Segment Open
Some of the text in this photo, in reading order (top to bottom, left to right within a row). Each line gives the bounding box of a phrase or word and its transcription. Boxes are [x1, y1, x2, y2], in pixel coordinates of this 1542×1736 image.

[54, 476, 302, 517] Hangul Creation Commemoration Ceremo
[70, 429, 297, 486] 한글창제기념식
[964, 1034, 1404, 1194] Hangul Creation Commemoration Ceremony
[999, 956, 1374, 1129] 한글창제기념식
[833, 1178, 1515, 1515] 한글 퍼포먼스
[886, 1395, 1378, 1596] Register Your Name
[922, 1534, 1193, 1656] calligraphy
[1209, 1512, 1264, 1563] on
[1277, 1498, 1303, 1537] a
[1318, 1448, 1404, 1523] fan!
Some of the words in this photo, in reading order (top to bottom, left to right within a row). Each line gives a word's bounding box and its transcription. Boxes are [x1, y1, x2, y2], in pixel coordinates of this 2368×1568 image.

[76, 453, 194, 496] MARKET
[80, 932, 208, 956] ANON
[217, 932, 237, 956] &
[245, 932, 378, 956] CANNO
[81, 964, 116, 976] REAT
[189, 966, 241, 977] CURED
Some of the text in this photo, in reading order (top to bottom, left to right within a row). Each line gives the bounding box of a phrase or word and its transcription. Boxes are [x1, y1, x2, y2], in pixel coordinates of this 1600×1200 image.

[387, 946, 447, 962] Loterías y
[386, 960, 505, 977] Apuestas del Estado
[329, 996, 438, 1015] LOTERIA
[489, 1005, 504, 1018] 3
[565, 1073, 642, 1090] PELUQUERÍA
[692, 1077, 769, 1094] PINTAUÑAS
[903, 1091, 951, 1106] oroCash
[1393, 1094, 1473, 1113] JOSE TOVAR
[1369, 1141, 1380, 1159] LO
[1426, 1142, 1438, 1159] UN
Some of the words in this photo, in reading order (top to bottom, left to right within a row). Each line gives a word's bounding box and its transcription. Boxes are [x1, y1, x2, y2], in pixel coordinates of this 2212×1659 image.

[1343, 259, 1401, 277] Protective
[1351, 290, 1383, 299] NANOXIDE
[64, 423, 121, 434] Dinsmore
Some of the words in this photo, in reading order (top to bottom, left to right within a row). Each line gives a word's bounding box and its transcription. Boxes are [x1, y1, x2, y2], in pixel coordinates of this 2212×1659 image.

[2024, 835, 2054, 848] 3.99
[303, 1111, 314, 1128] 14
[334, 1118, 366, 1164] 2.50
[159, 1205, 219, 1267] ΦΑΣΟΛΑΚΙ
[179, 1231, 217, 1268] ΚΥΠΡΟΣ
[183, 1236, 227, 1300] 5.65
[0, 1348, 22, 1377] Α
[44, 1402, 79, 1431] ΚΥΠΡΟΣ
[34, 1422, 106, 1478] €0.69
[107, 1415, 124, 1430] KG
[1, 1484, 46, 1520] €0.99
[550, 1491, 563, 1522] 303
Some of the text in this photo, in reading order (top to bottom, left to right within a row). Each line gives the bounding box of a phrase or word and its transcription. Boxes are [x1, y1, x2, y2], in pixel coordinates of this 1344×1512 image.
Segment Closed
# Task requirements
Copy out each record above exactly, leaving nothing out.

# Solved problem
Some of the text in this photo, in reading order (top to bottom, left to right within a row). Each line gives the bounding box of a phrase or word and its transcription. Boxes are [x1, y1, x2, y2], in pixel coordinates of this 1542×1736 image.

[54, 476, 302, 517] Hangul Creation Commemoration Ceremo
[70, 429, 297, 486] 한글창제기념식
[964, 1034, 1404, 1194] Hangul Creation Commemoration Ceremony
[999, 956, 1374, 1129] 한글창제기념식
[833, 1178, 1515, 1515] 한글 퍼포먼스
[886, 1395, 1378, 1596] Register Your Name
[922, 1534, 1193, 1656] calligraphy
[1209, 1512, 1264, 1563] on
[1277, 1498, 1303, 1537] a
[1318, 1448, 1404, 1523] fan!
Some of the words in this photo, in reading order (top to bottom, left to right within a row). Each line gives a word's bounding box and its transcription. Boxes are [x1, y1, x2, y2], in pixel coordinates of this 2368×1568 image.

[76, 453, 194, 496] MARKET
[80, 932, 208, 956] ANON
[217, 932, 237, 956] &
[245, 932, 378, 956] CANNO
[81, 964, 116, 976] REAT
[189, 966, 241, 977] CURED
Some of the text in this photo, in reading order (top to bottom, left to right within a row). Each line gives the bounding box of a phrase or word and its transcription. Boxes are [x1, y1, x2, y2], in pixel coordinates of this 1600×1200 image.

[387, 946, 447, 962] Loterías y
[386, 960, 505, 977] Apuestas del Estado
[329, 996, 438, 1015] LOTERIA
[489, 1005, 504, 1018] 3
[565, 1073, 642, 1090] PELUQUERÍA
[692, 1077, 769, 1094] PINTAUÑAS
[903, 1091, 951, 1106] oroCash
[1393, 1094, 1473, 1113] JOSE TOVAR
[1369, 1141, 1380, 1159] LO
[1426, 1142, 1438, 1159] UN
Some of the words in this photo, in reading order (top to bottom, left to right within a row). Each line gives a word's bounding box and its transcription. Boxes are [x1, y1, x2, y2], in pixel coordinates of this 2212×1659 image.

[1343, 259, 1401, 277] Protective
[1351, 290, 1383, 299] NANOXIDE
[64, 423, 121, 434] Dinsmore
Some of the words in this photo, in reading order (top to bottom, left to right within a row). Each line gives a word's bounding box and its transcription. Boxes are [x1, y1, x2, y2], in pixel coordinates of this 2212×1659 image.

[2024, 835, 2054, 848] 3.99
[303, 1111, 314, 1128] 14
[334, 1118, 366, 1164] 2.50
[159, 1205, 219, 1267] ΦΑΣΟΛΑΚΙ
[179, 1231, 217, 1268] ΚΥΠΡΟΣ
[183, 1236, 227, 1300] 5.65
[0, 1348, 22, 1377] Α
[44, 1402, 79, 1431] ΚΥΠΡΟΣ
[34, 1422, 106, 1478] €0.69
[107, 1415, 124, 1430] KG
[1, 1484, 46, 1520] €0.99
[550, 1491, 563, 1522] 303
Some of the text in this photo, in reading order (top to bottom, left to right within a row). Each line gives the bounding box of a phrase or word and its transcription. Boxes are [x1, y1, x2, y2], in pixel coordinates of this 1344×1512 image.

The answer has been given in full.